- **WORK TO BE COMPLETED**
Any picture in the records below stays out; return everything else exactly.

- **INFORMATION GIVEN**

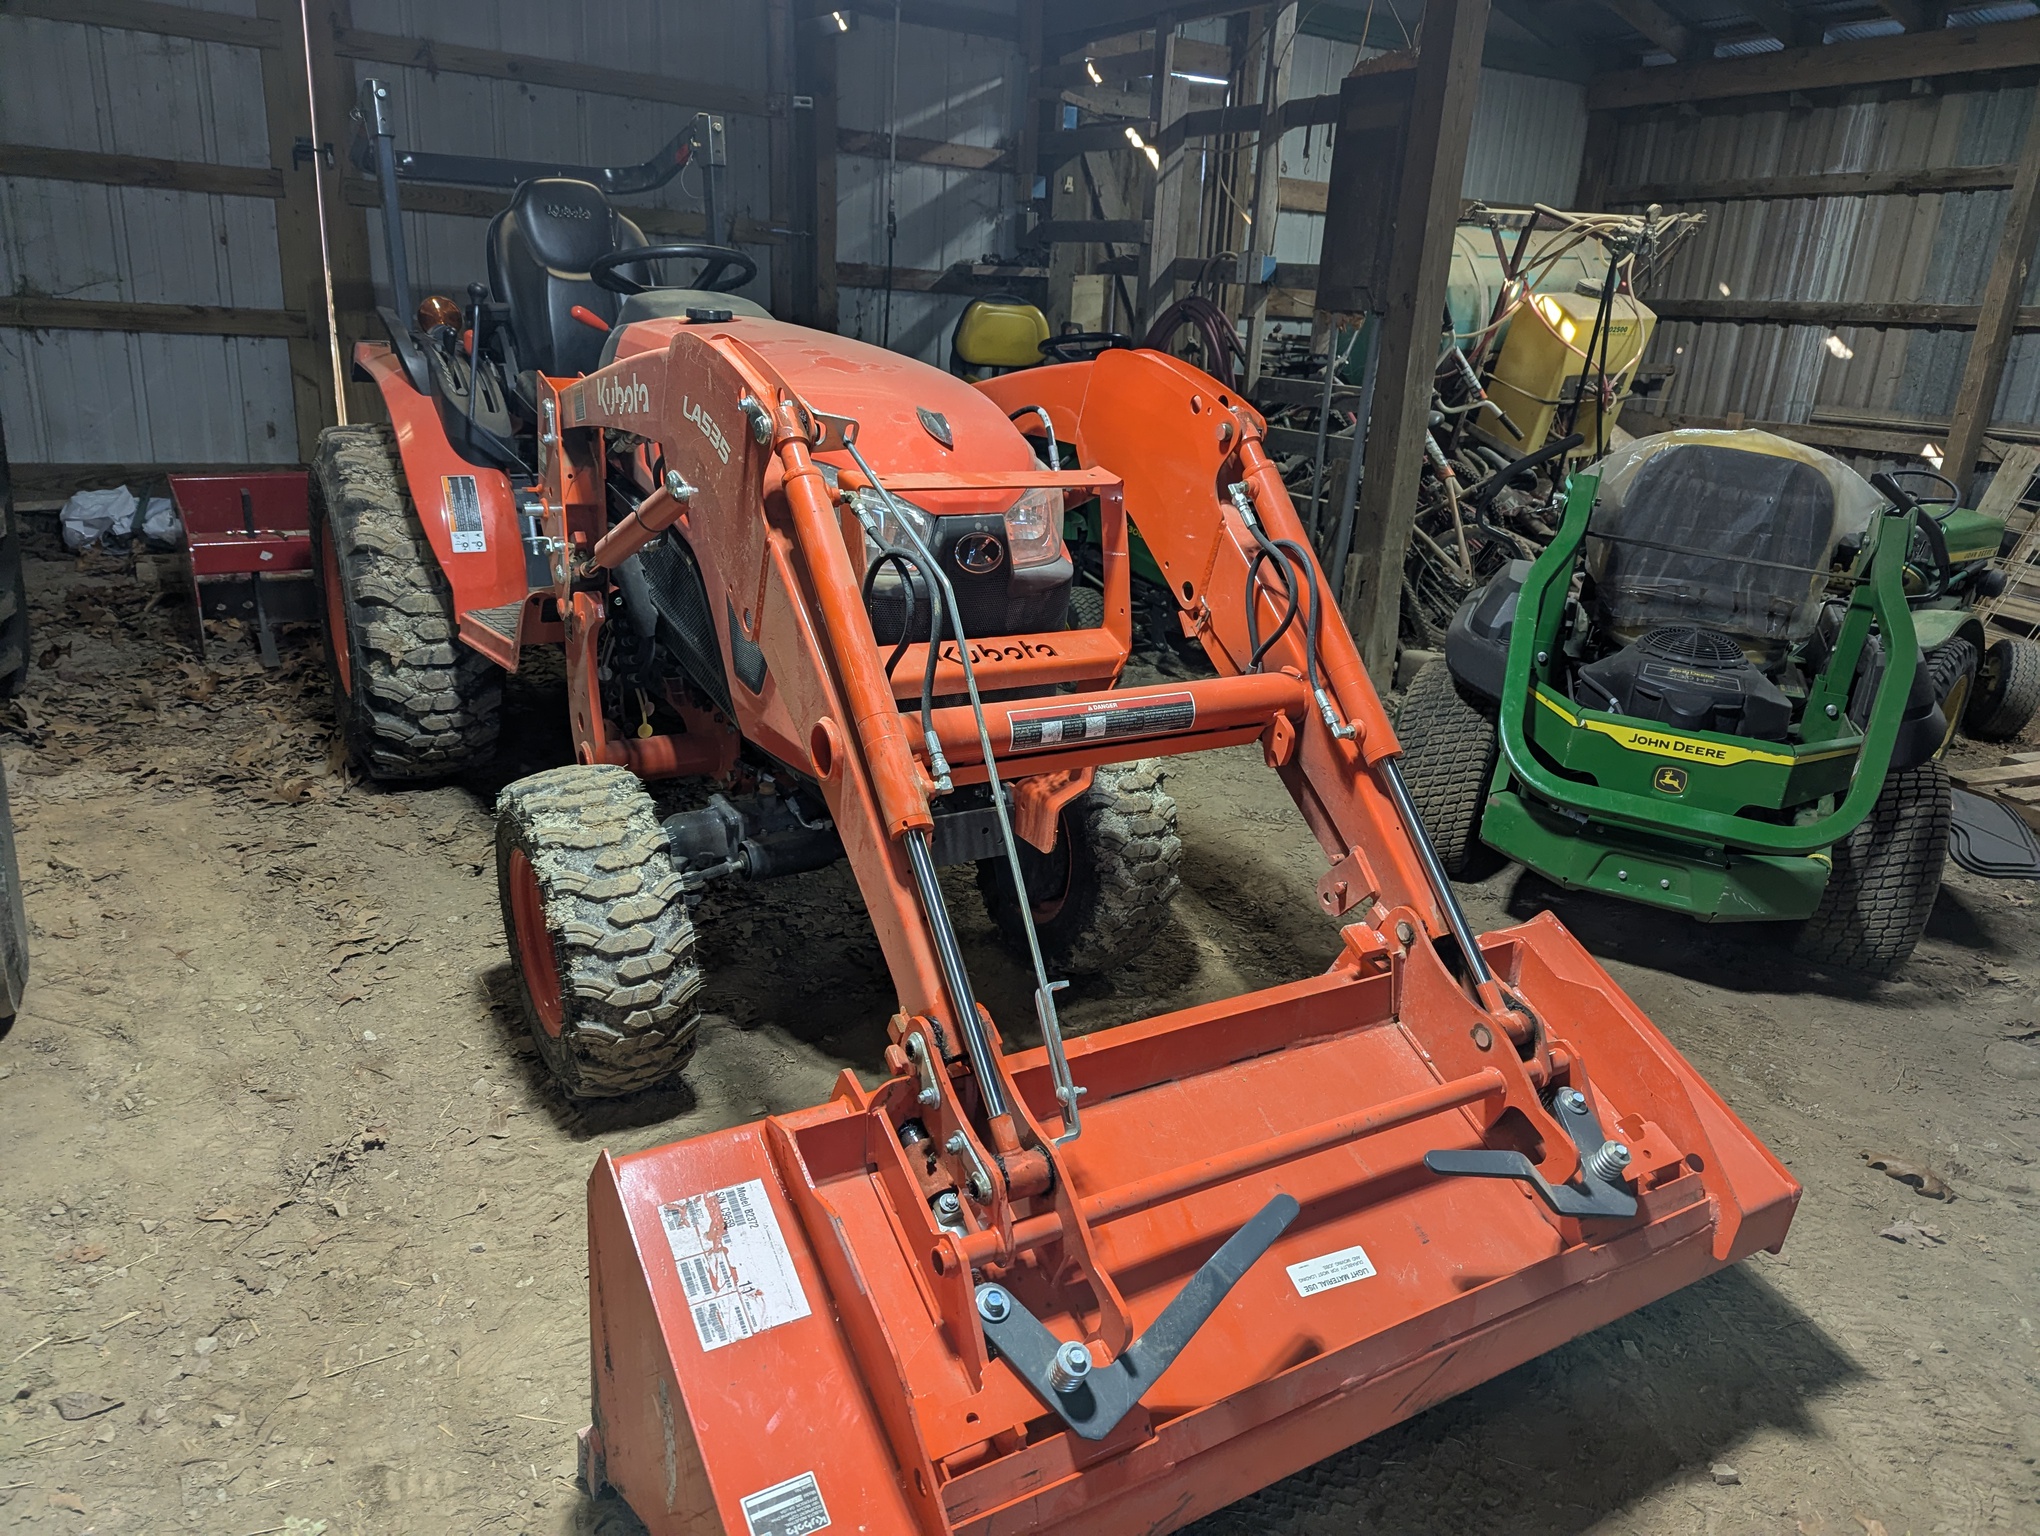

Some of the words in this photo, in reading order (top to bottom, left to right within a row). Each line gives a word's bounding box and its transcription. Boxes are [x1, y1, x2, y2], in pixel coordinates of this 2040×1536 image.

[597, 373, 649, 416] Kubota
[682, 395, 731, 465] LA535
[1628, 734, 1670, 749] JOHN
[1673, 741, 1726, 760] DEERE
[715, 1192, 727, 1204] S/N
[736, 1187, 751, 1207] Model
[1351, 1267, 1369, 1278] LIGHT
[1303, 1284, 1318, 1293] USE
[1318, 1274, 1350, 1288] MATERIAL
[803, 1490, 816, 1498] Model
[786, 1516, 827, 1535] Kubota
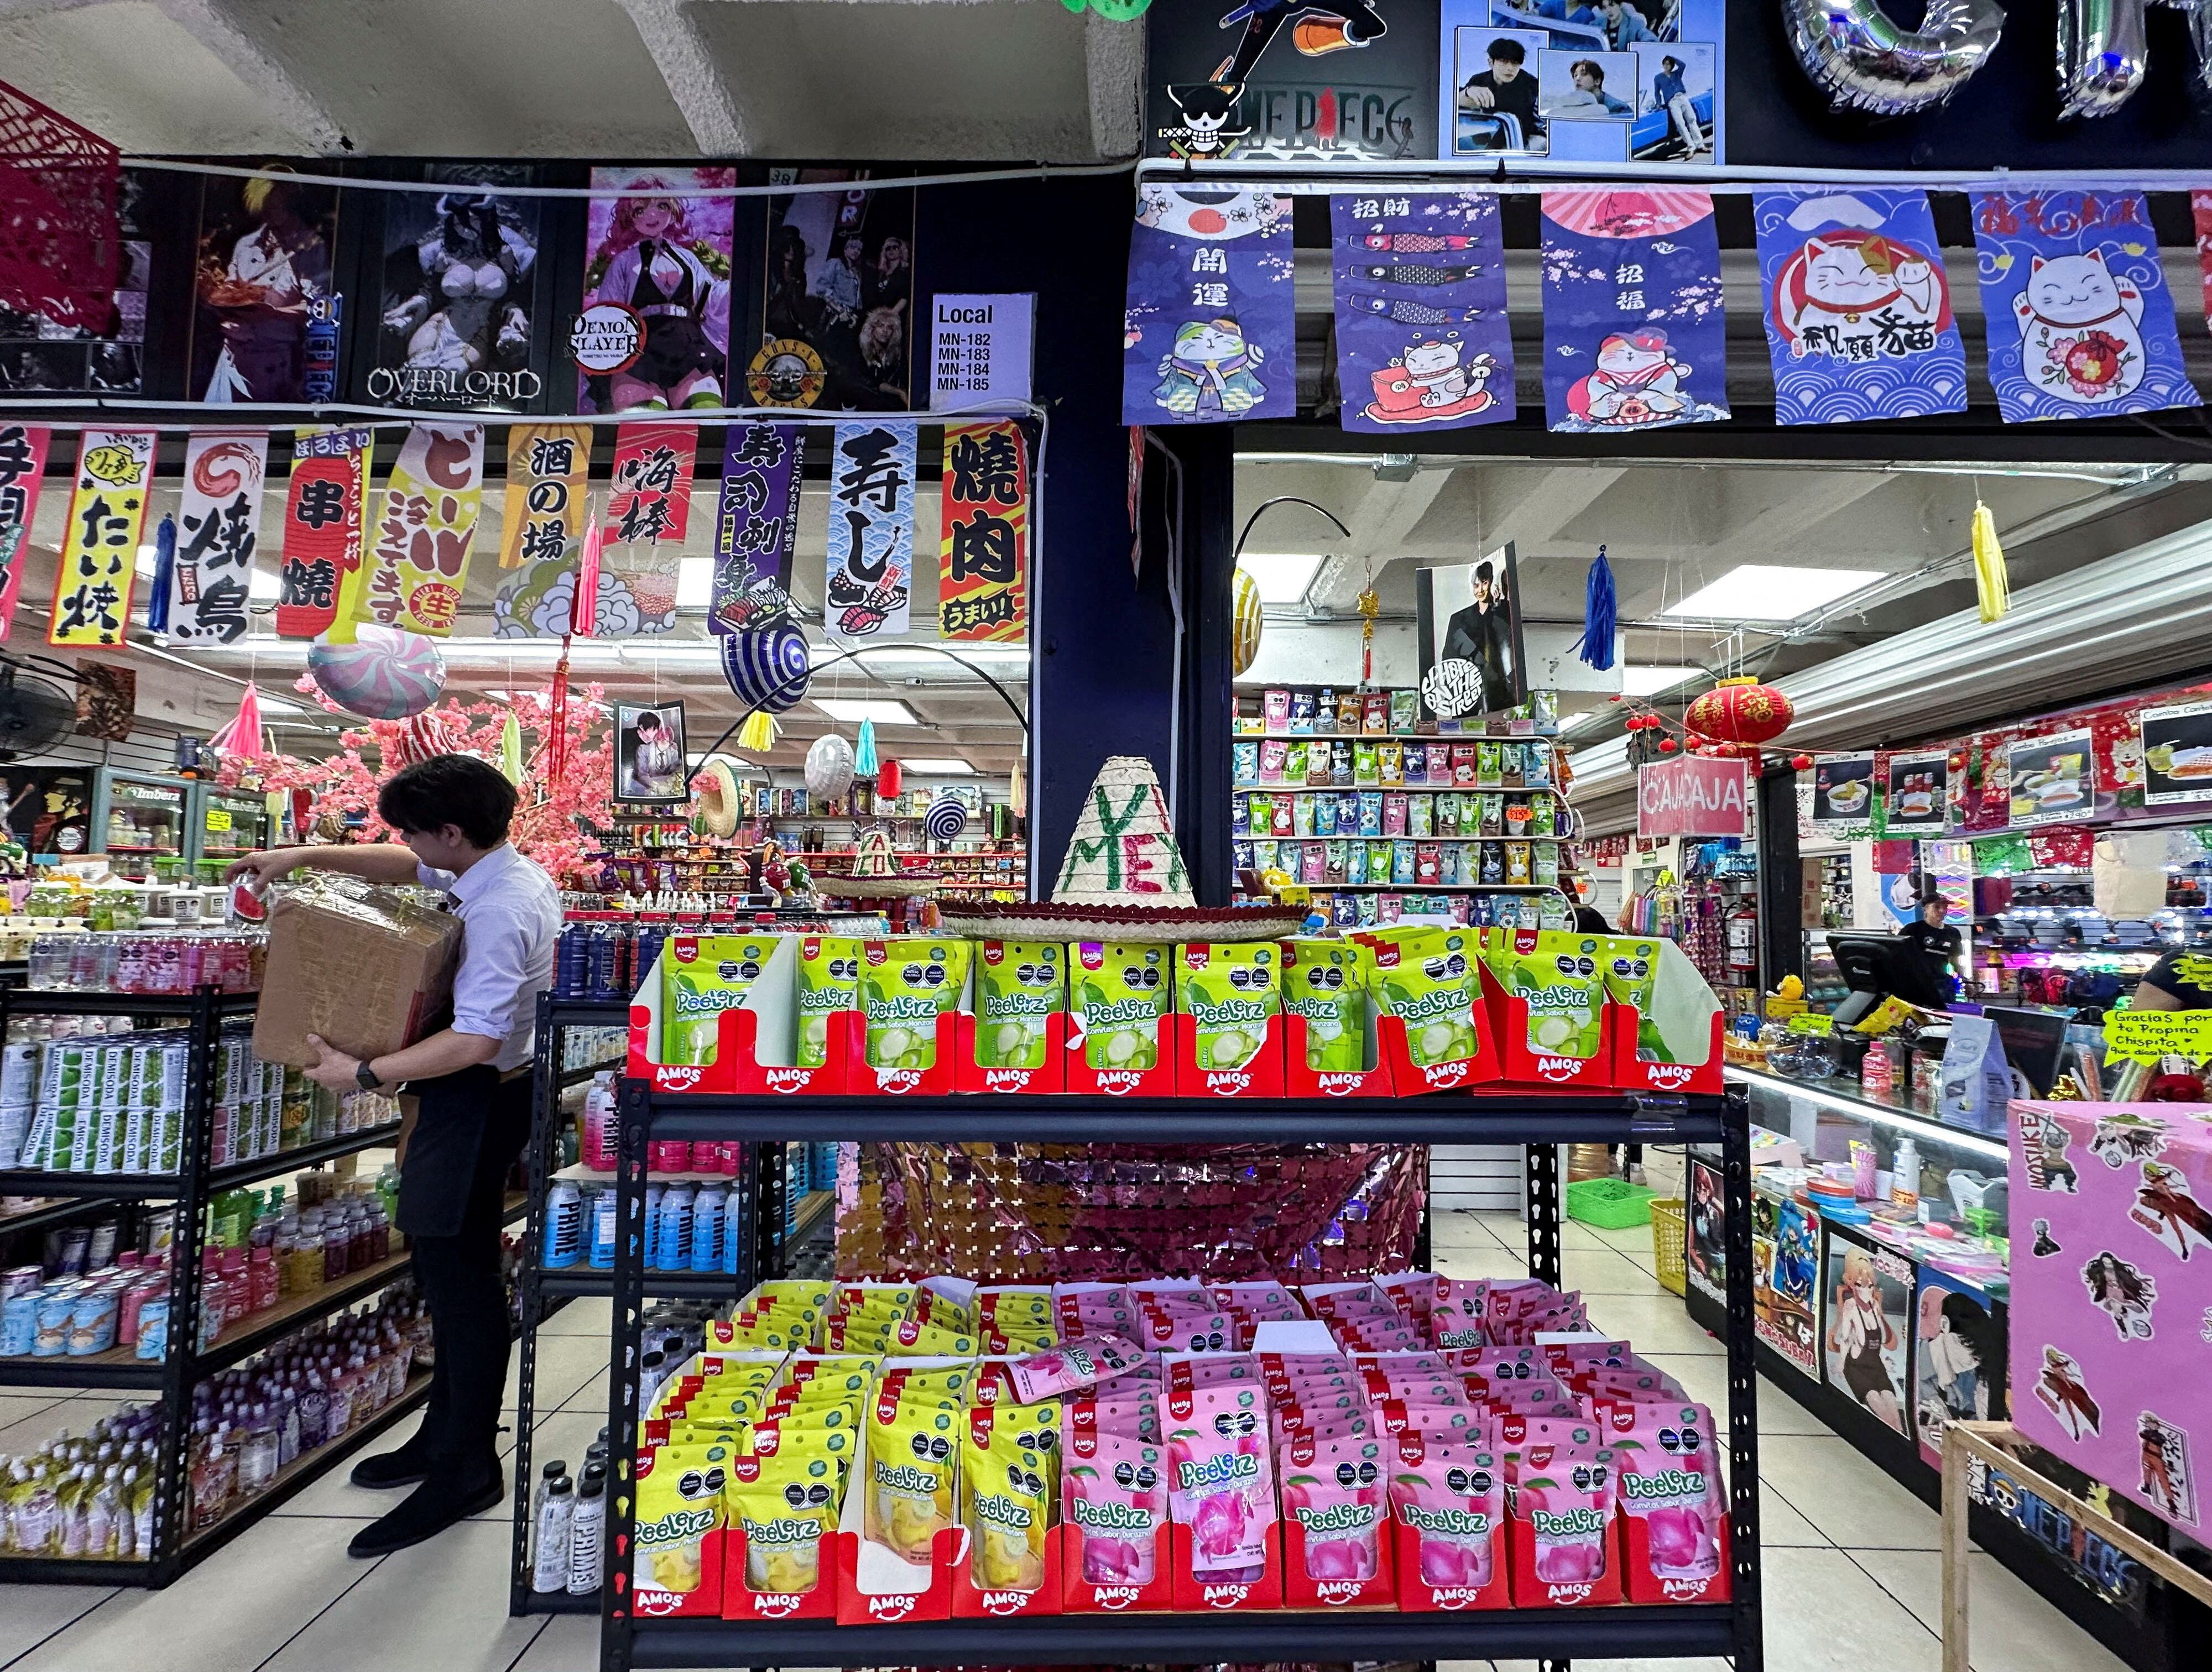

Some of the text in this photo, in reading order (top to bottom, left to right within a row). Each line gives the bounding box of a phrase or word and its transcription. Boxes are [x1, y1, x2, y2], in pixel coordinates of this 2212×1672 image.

[1352, 198, 1410, 218] 招財
[1192, 248, 1229, 306] 開運
[1615, 263, 1645, 310] 招福
[938, 305, 993, 324] Local
[568, 314, 639, 335] DEMON
[564, 334, 644, 358] SLAYER
[937, 333, 992, 347] MN-182
[937, 348, 990, 361] MN-183
[937, 363, 990, 376] MN-184
[367, 368, 541, 401] OVERLORD
[937, 377, 989, 391] MN-185
[295, 431, 371, 458] ほろよい
[521, 437, 575, 560] 酒の場
[837, 428, 907, 581] 寿し
[422, 594, 452, 617] 生
[948, 597, 1006, 628] うまい!
[1425, 666, 1483, 711] ON THE
[1436, 683, 1483, 718] STREET
[137, 787, 180, 802] Imbera
[1516, 937, 1536, 946] AMOS
[675, 945, 697, 956] AMOS
[985, 948, 1003, 957] AMOS
[1082, 952, 1102, 962] AMOS
[1187, 953, 1208, 962] AMOS
[1378, 952, 1398, 964] AMOS
[867, 996, 938, 1020] Peelerz
[985, 993, 1048, 1016] Peelerz
[1084, 998, 1156, 1023] Peelerz
[1189, 1000, 1265, 1023] Peelerz
[1392, 987, 1471, 1020] Peelerz
[2115, 1011, 2212, 1026] Gracias por
[1115, 1023, 1133, 1032] Sabor
[1220, 1025, 1240, 1033] Sabor
[2115, 1036, 2179, 1047] Chispita
[1425, 1062, 1468, 1084] AMOS
[1537, 1057, 1583, 1074] AMOS
[1647, 1064, 1693, 1080] AMOS
[81, 1050, 93, 1100] DEMISODA
[105, 1051, 117, 1100] DEMISODA
[131, 1051, 142, 1099] DEMISODA
[656, 1067, 701, 1084] AMOS
[766, 1070, 811, 1085] AMOS
[877, 1070, 921, 1086] AMOS
[985, 1070, 1030, 1085] AMOS
[1097, 1072, 1141, 1087] AMOS
[1206, 1073, 1251, 1088] AMOS
[1318, 1074, 1364, 1089] AMOS
[98, 1114, 112, 1164] DEMISODA
[125, 1114, 138, 1163] DEMISODA
[150, 1115, 161, 1164] DEMISODA
[554, 1201, 582, 1257] PRIME
[900, 1327, 918, 1339] AMOS
[1171, 1400, 1191, 1412] AMOS
[1614, 1413, 1634, 1424] AMOS
[1074, 1439, 1095, 1450] AMOS
[1292, 1448, 1313, 1458] AMOS
[874, 1460, 938, 1492] Peelerz
[1178, 1453, 1258, 1489] Peelerz
[1211, 1484, 1233, 1494] Sabor
[1623, 1469, 1705, 1499] Peelerz
[1073, 1497, 1152, 1529] Peelerz
[1296, 1503, 1375, 1533] Peelerz
[1403, 1503, 1488, 1535] Peelerz
[1532, 1507, 1604, 1536] Peelerz
[741, 1517, 822, 1544] Peelerz
[1100, 1529, 1120, 1539] Sabor
[1094, 1586, 1140, 1603] AMOS
[1204, 1585, 1248, 1601] AMOS
[1317, 1582, 1361, 1598] AMOS
[1548, 1583, 1593, 1599] AMOS
[1662, 1580, 1708, 1595] AMOS
[637, 1592, 684, 1608] AMOS
[754, 1593, 801, 1611] AMOS
[868, 1596, 916, 1613] AMOS
[982, 1592, 1028, 1609] AMOS
[1432, 1589, 1477, 1604] AMOS

- **TASK RESULT**
Some of the words in this photo, in reading order (top to bottom, left to right within a row). Each line gives a word's bounding box and its transcription. Boxes are [x1, y1, x2, y2], in pixel coordinates of this 2040×1536 image.

[597, 373, 649, 416] Kubota
[682, 395, 731, 465] LA535
[1628, 734, 1670, 749] JOHN
[1673, 741, 1726, 760] DEERE
[715, 1192, 727, 1204] S/N
[736, 1187, 751, 1207] Model
[1351, 1267, 1369, 1278] LIGHT
[1303, 1284, 1318, 1293] USE
[1318, 1274, 1350, 1288] MATERIAL
[803, 1490, 816, 1498] Model
[786, 1516, 827, 1535] Kubota

Some of the text in this photo, in reading order (top to bottom, left to right within a row). Each line gives the bounding box of a phrase or word and its transcription. Boxes are [x1, y1, x2, y2], in pixel coordinates of this 2212×1672 image.

[1352, 198, 1410, 218] 招財
[1192, 248, 1229, 306] 開運
[1615, 263, 1645, 310] 招福
[938, 305, 993, 324] Local
[568, 314, 639, 335] DEMON
[564, 334, 644, 358] SLAYER
[937, 333, 992, 347] MN-182
[937, 348, 990, 361] MN-183
[937, 363, 990, 376] MN-184
[367, 368, 541, 401] OVERLORD
[937, 377, 989, 391] MN-185
[295, 431, 371, 458] ほろよい
[521, 437, 575, 560] 酒の場
[837, 428, 907, 581] 寿し
[422, 594, 452, 617] 生
[948, 597, 1006, 628] うまい!
[1425, 666, 1483, 711] ON THE
[1436, 683, 1483, 718] STREET
[137, 787, 180, 802] Imbera
[1516, 937, 1536, 946] AMOS
[675, 945, 697, 956] AMOS
[985, 948, 1003, 957] AMOS
[1082, 952, 1102, 962] AMOS
[1187, 953, 1208, 962] AMOS
[1378, 952, 1398, 964] AMOS
[867, 996, 938, 1020] Peelerz
[985, 993, 1048, 1016] Peelerz
[1084, 998, 1156, 1023] Peelerz
[1189, 1000, 1265, 1023] Peelerz
[1392, 987, 1471, 1020] Peelerz
[2115, 1011, 2212, 1026] Gracias por
[1115, 1023, 1133, 1032] Sabor
[1220, 1025, 1240, 1033] Sabor
[2115, 1036, 2179, 1047] Chispita
[1425, 1062, 1468, 1084] AMOS
[1537, 1057, 1583, 1074] AMOS
[1647, 1064, 1693, 1080] AMOS
[81, 1050, 93, 1100] DEMISODA
[105, 1051, 117, 1100] DEMISODA
[131, 1051, 142, 1099] DEMISODA
[656, 1067, 701, 1084] AMOS
[766, 1070, 811, 1085] AMOS
[877, 1070, 921, 1086] AMOS
[985, 1070, 1030, 1085] AMOS
[1097, 1072, 1141, 1087] AMOS
[1206, 1073, 1251, 1088] AMOS
[1318, 1074, 1364, 1089] AMOS
[98, 1114, 112, 1164] DEMISODA
[125, 1114, 138, 1163] DEMISODA
[150, 1115, 161, 1164] DEMISODA
[554, 1201, 582, 1257] PRIME
[900, 1327, 918, 1339] AMOS
[1171, 1400, 1191, 1412] AMOS
[1614, 1413, 1634, 1424] AMOS
[1074, 1439, 1095, 1450] AMOS
[1292, 1448, 1313, 1458] AMOS
[874, 1460, 938, 1492] Peelerz
[1178, 1453, 1258, 1489] Peelerz
[1211, 1484, 1233, 1494] Sabor
[1623, 1469, 1705, 1499] Peelerz
[1073, 1497, 1152, 1529] Peelerz
[1296, 1503, 1375, 1533] Peelerz
[1403, 1503, 1488, 1535] Peelerz
[1532, 1507, 1604, 1536] Peelerz
[741, 1517, 822, 1544] Peelerz
[1100, 1529, 1120, 1539] Sabor
[1094, 1586, 1140, 1603] AMOS
[1204, 1585, 1248, 1601] AMOS
[1317, 1582, 1361, 1598] AMOS
[1548, 1583, 1593, 1599] AMOS
[1662, 1580, 1708, 1595] AMOS
[637, 1592, 684, 1608] AMOS
[754, 1593, 801, 1611] AMOS
[868, 1596, 916, 1613] AMOS
[982, 1592, 1028, 1609] AMOS
[1432, 1589, 1477, 1604] AMOS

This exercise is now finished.